Carly!! Again I just adore your blog and you really!! I love the way you are honest and to the point but still so encouraging while doing it!! You inspire me each time I come to your blog ❤️❤️❤️
Thank you so much for this post!
I have had a few blogs…but you are right I always fizzled out.
I am diving in this time to really get it going!
By the way…. your post is missing a word here I think. ( The problem might simple, maybe your reader needs a clam chowder recipe )
Thanks again!
http://www.craftysnaphappymama.com
LOL thank you!! I’ll have to remember to go add that word 😉
Thank you for your site, loving it! You have the word “Chance” up above and you meant “change” when discussing that Facebook and Pinterest could change their algorithms.

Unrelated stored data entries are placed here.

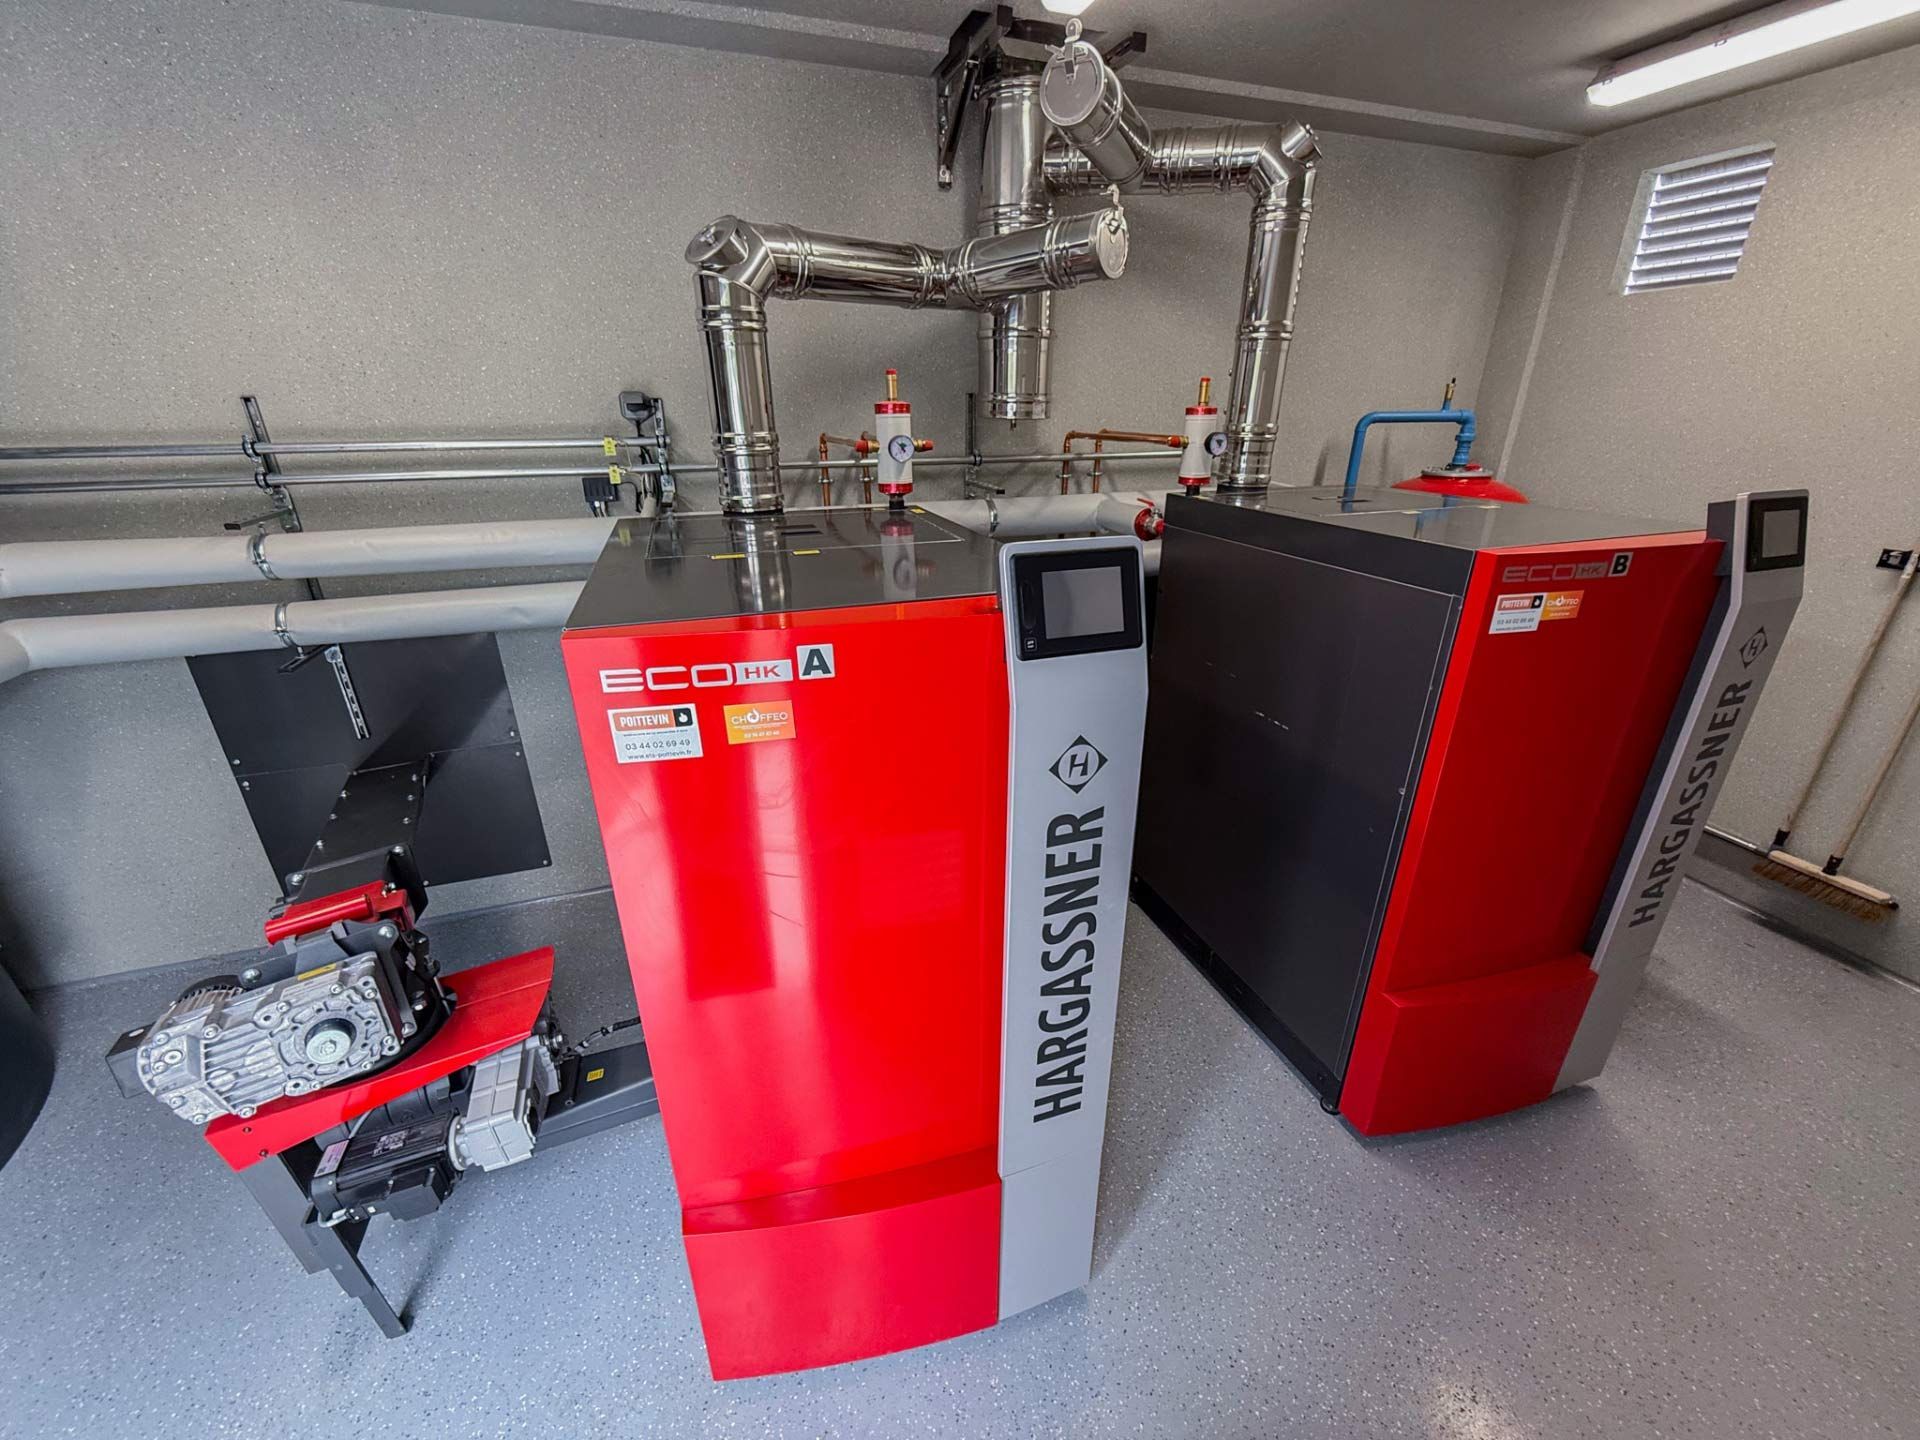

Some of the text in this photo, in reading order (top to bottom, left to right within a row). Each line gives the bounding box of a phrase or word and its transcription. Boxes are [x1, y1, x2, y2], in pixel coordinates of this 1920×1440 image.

[1502, 564, 1576, 583] ECO
[1611, 554, 1630, 575] B
[801, 648, 832, 676] A
[599, 662, 781, 694] ECO HK
[619, 713, 670, 728] POITTEVIN
[625, 743, 637, 751] 03
[652, 741, 664, 749] 02
[665, 740, 677, 748] 69
[679, 738, 691, 746] 49
[1628, 679, 1753, 928] HARGASSNER
[1032, 805, 1105, 1123] HARGASSNER

Hi Shandra! Yikes…. yes the words are things I struggle with. I will have to “change” that. lol thanks!
Carly! Your Serie of 13 Lessons on how to start a blog and make money is just great! I just finished to read them all and literally was writing down things like in a Univeristy class. So thanks so much for design it and share it with all. xoxo
Soooo glad you enjoyed it Paola 🙂
Hi Carly 🙂 thank you for your great content, always so helpful.
What did you not like about mailchimp? Do you suggest just going with a paid service right away?

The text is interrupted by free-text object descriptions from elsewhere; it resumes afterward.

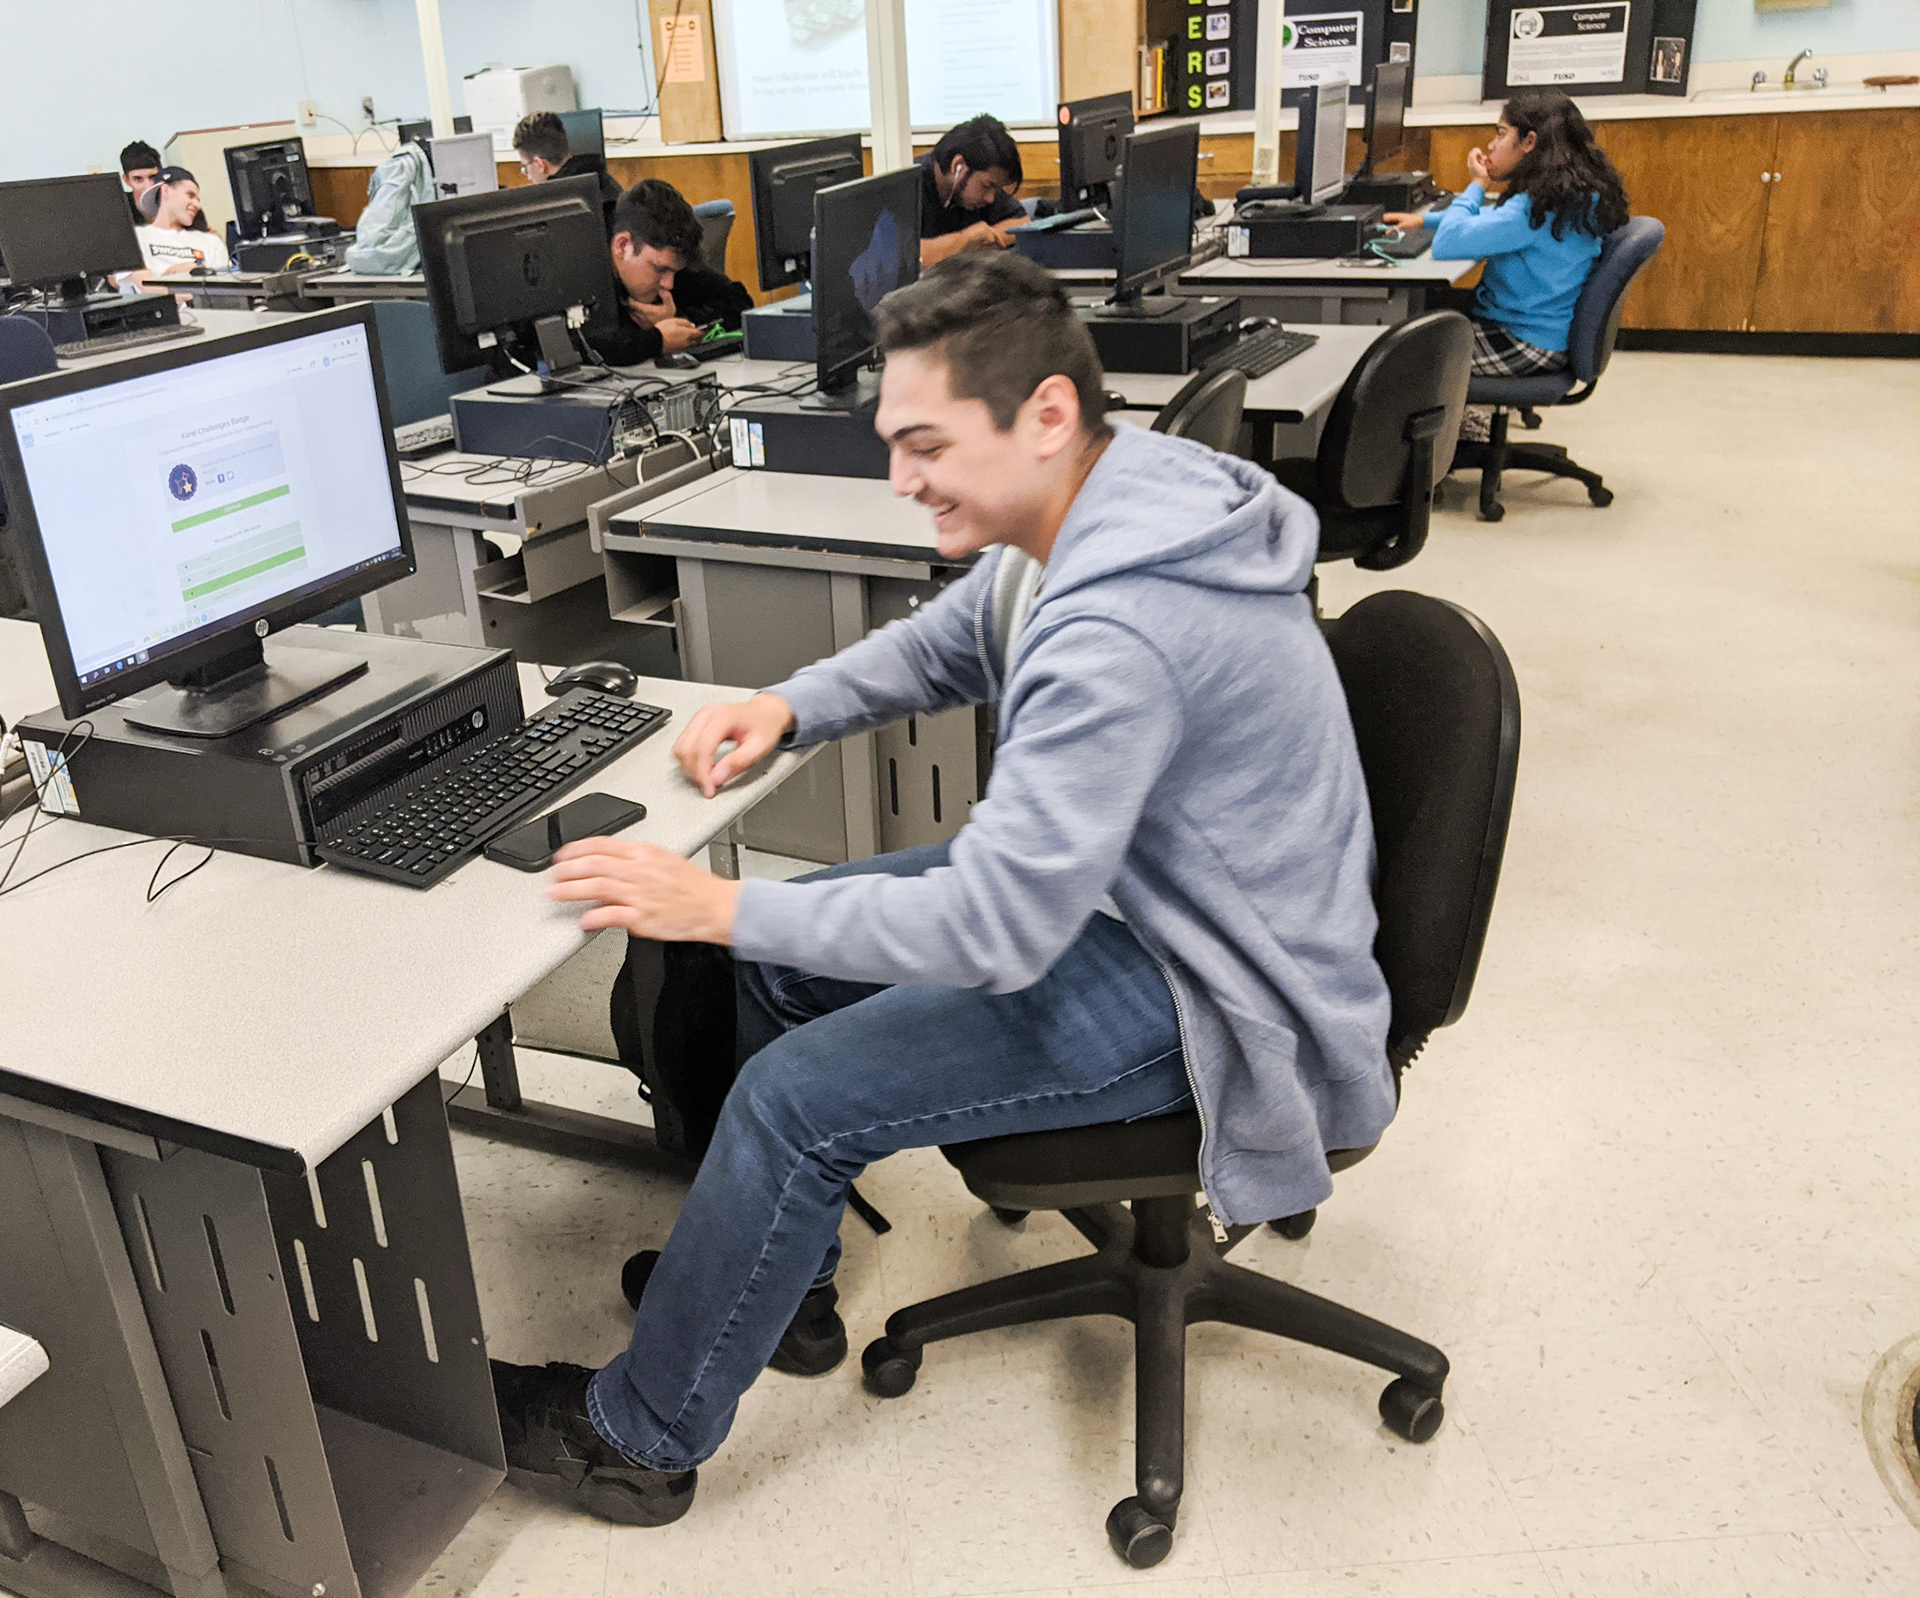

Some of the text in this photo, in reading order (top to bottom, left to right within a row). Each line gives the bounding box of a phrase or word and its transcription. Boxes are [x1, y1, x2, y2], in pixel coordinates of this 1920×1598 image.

[1572, 11, 1612, 22] Computer
[1298, 23, 1358, 36] Computer
[1577, 22, 1607, 31] Science
[1304, 36, 1350, 48] Science
[1187, 0, 1203, 108] ERS
[198, 420, 231, 435] Challenges
[231, 415, 250, 426] Badge

I just found it SO clunky and hard to use – madmimi is free till 500 I think! I liked them a lot.
Oh my gosh, I’ve just spent like, 2 hours reading your blog and it’s now past midnight 😂😱 thank you for the great content!!
I love you!
I appreciate this post. My blog technically will be 8 months old. It has been a huge learning curve and at times I do get frustrated. I need more post but as a stay at home mom of 3, my time online is limited. I started an email list not too long ago and that has been encouraging. I gain about 2-4 people a month. They mainly like my optins/freebies I think.
I still can’t get organic traffic which is frustrating to me but working hard to make it.
Thanks for the advice. Gonna check out your business plan thing, that I know I don’t have.
Lisa – I’m glad you found it helpful! I TOTALLY understand what you mean by your time online is limited. Keep working at it and learning things and you’ll get there. The only ones who fail are the ones who give up. Best of luck! <3
Super helpful. Thank you
Glad it helped. 🙂
I must say I truly had no idea that starting a blog would have such a steep learning curve! There’s so much behind the scenes aspects beyond writing content. I’ve been blogging for just 4 months now and it seems to fall on my mamas ears/eyes only so far. Your blog posts are so honest and positive, I often find myself reading your story for encouragement!
I’m SO glad you find it helpful! And yes – there’s a HUGE learning curve! I wish you the best <3
Yes, blogging s for persistent people, it is not easy. Good advice!
Thank you for the great advice Carly! I’m in the “why does my blog suck?” stage and I’m nodding my head to all of the above. I invested in EBA 3.0 in 2018 and I’ve been plugging away at it and moving forward. Low page views is my biggest frustration right now, but I’m looking forward to seeing results in the near future from all the time, money and effort invested. Thanks again for all of your great content!!